EXTRACTED MATERIAL section start
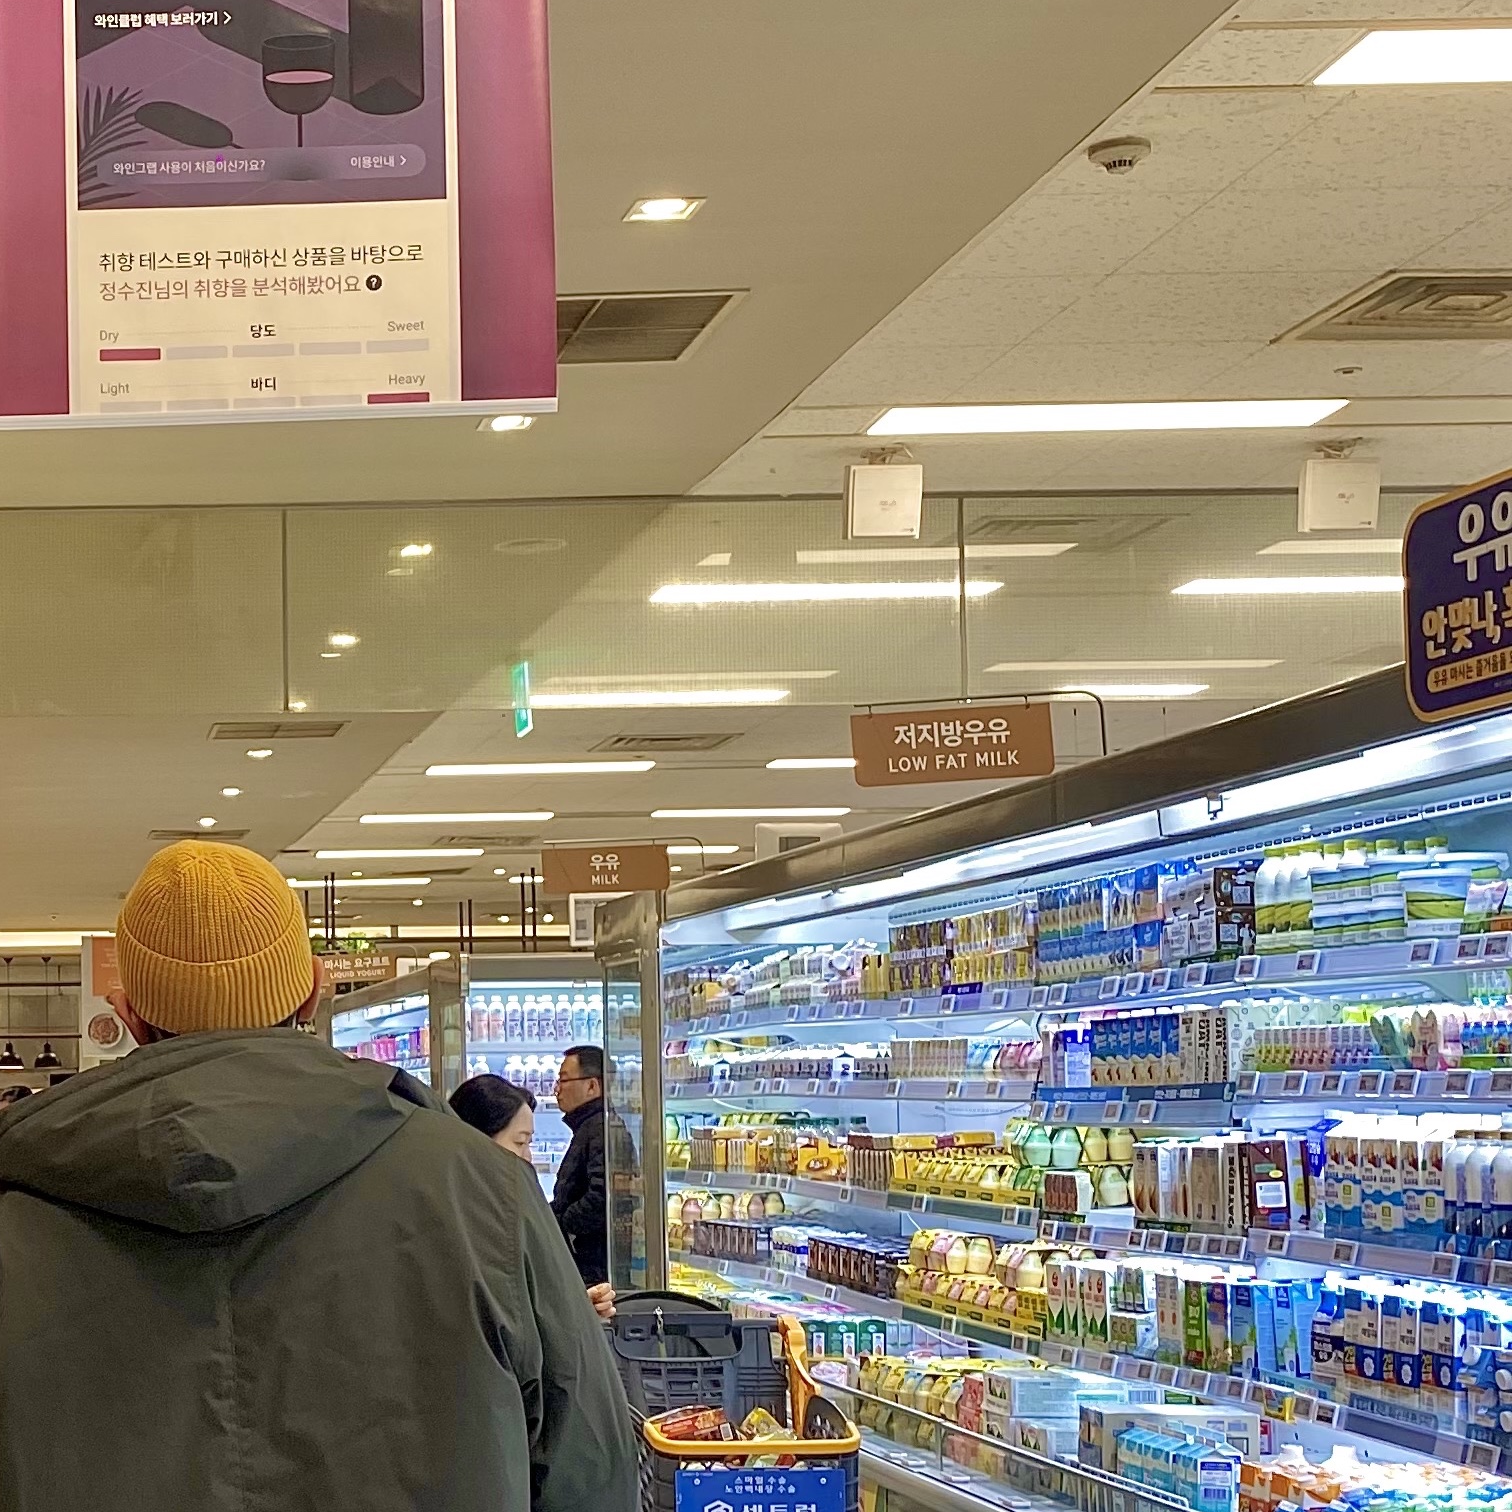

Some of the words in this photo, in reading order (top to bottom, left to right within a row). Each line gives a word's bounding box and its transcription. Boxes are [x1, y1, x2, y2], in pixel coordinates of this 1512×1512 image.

[94, 13, 142, 28] 와인클럽
[144, 13, 169, 27] 혜택
[170, 11, 218, 26] 보러가기
[113, 161, 157, 175] 와인그랩
[159, 161, 192, 174] 사용이
[194, 159, 266, 174] 처음이신가요?
[99, 253, 135, 272] 취향
[139, 251, 212, 271] 테스트와
[215, 249, 289, 269] 구매하신
[291, 246, 347, 267] 상품을
[350, 244, 425, 265] 바탕으로
[99, 279, 190, 301] 정수진님의
[193, 277, 249, 299] 취향을
[251, 275, 363, 297] 분석해봤어요
[250, 324, 277, 338] 당도
[387, 320, 425, 332] Sweet
[99, 329, 120, 343] Dry
[251, 376, 277, 391] 바디
[388, 373, 426, 387] Heavy
[100, 381, 130, 396] Light
[1450, 664, 1473, 681] 마시는
[894, 718, 1010, 749] 저지방우유
[888, 756, 928, 773] LOW
[936, 753, 967, 769] FAT
[976, 750, 1020, 767] MILK
[590, 854, 620, 871] 우유
[591, 874, 619, 885] MILK
[330, 971, 354, 979] LIQUID
[357, 968, 386, 977] YOGURT
[734, 1476, 763, 1485] 스마일
[768, 1476, 787, 1485] 수술
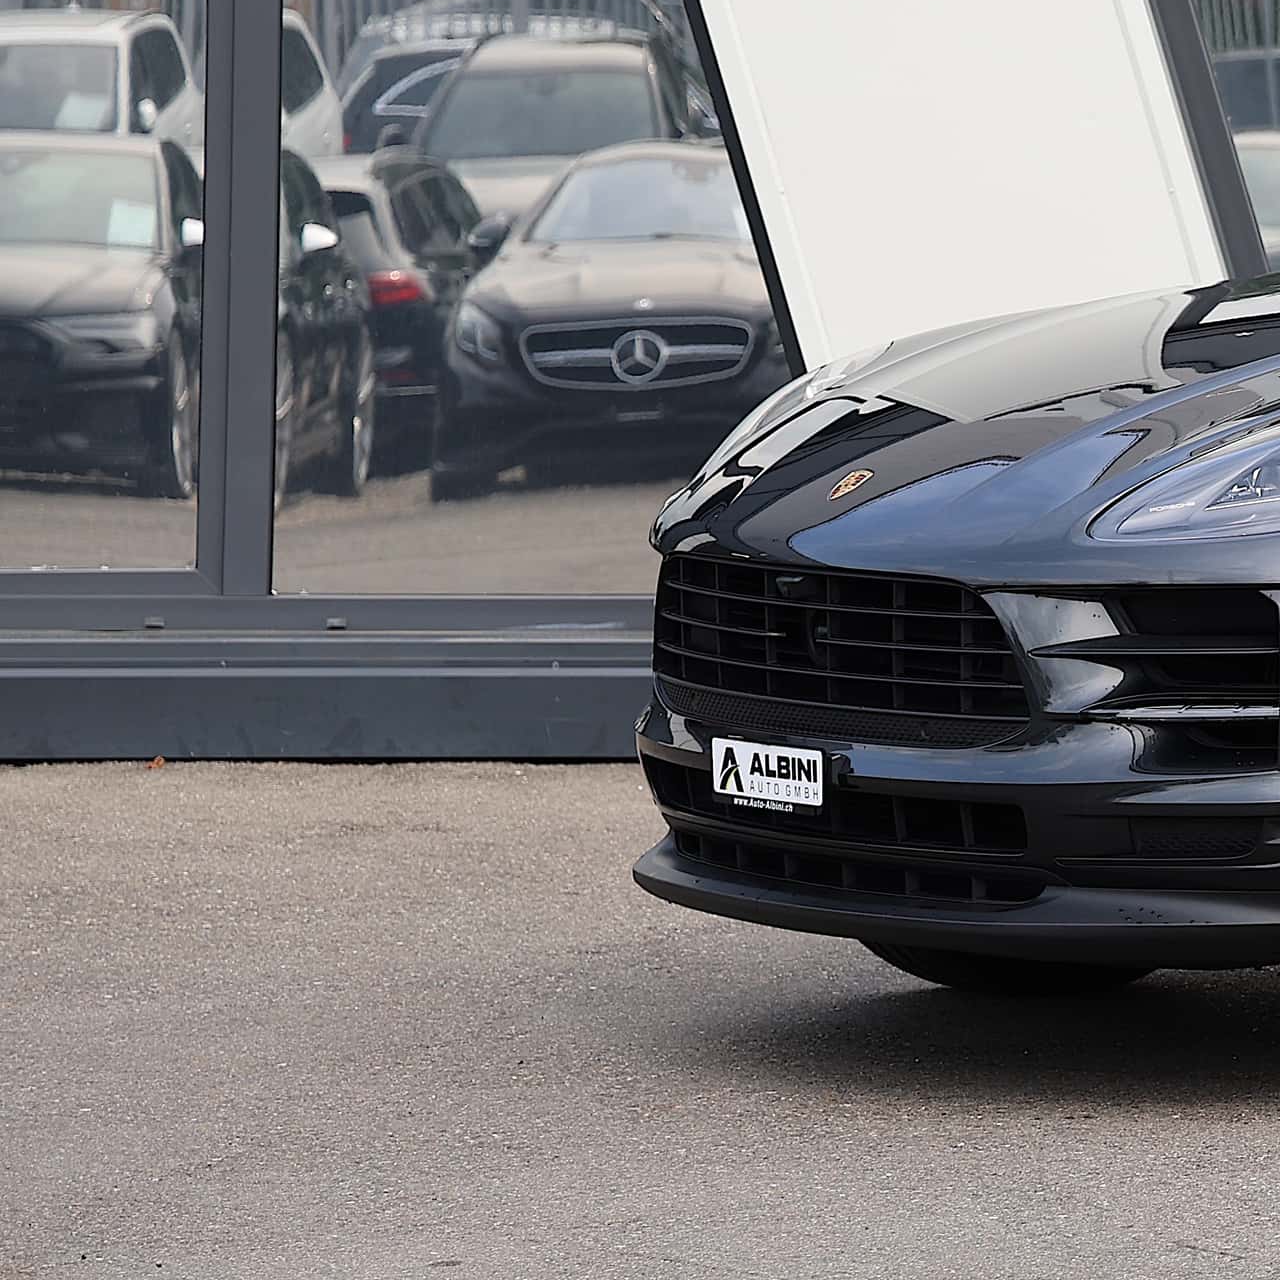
EXTRACTED MATERIAL section end
The records above must be printed exactly, but the pictures they hold should be omitted.

_EXERCISE RESULT:_
Some of the words in this photo, in reading order (top to bottom, left to right within a row). Each line gives a word's bounding box and its transcription. Boxes are [x1, y1, x2, y2], in pixel coordinates of this 1512×1512 image.

[94, 13, 142, 28] 와인클럽
[144, 13, 169, 27] 혜택
[170, 11, 218, 26] 보러가기
[113, 161, 157, 175] 와인그랩
[159, 161, 192, 174] 사용이
[194, 159, 266, 174] 처음이신가요?
[99, 253, 135, 272] 취향
[139, 251, 212, 271] 테스트와
[215, 249, 289, 269] 구매하신
[291, 246, 347, 267] 상품을
[350, 244, 425, 265] 바탕으로
[99, 279, 190, 301] 정수진님의
[193, 277, 249, 299] 취향을
[251, 275, 363, 297] 분석해봤어요
[250, 324, 277, 338] 당도
[387, 320, 425, 332] Sweet
[99, 329, 120, 343] Dry
[251, 376, 277, 391] 바디
[388, 373, 426, 387] Heavy
[100, 381, 130, 396] Light
[1450, 664, 1473, 681] 마시는
[894, 718, 1010, 749] 저지방우유
[888, 756, 928, 773] LOW
[936, 753, 967, 769] FAT
[976, 750, 1020, 767] MILK
[590, 854, 620, 871] 우유
[591, 874, 619, 885] MILK
[330, 971, 354, 979] LIQUID
[357, 968, 386, 977] YOGURT
[734, 1476, 763, 1485] 스마일
[768, 1476, 787, 1485] 수술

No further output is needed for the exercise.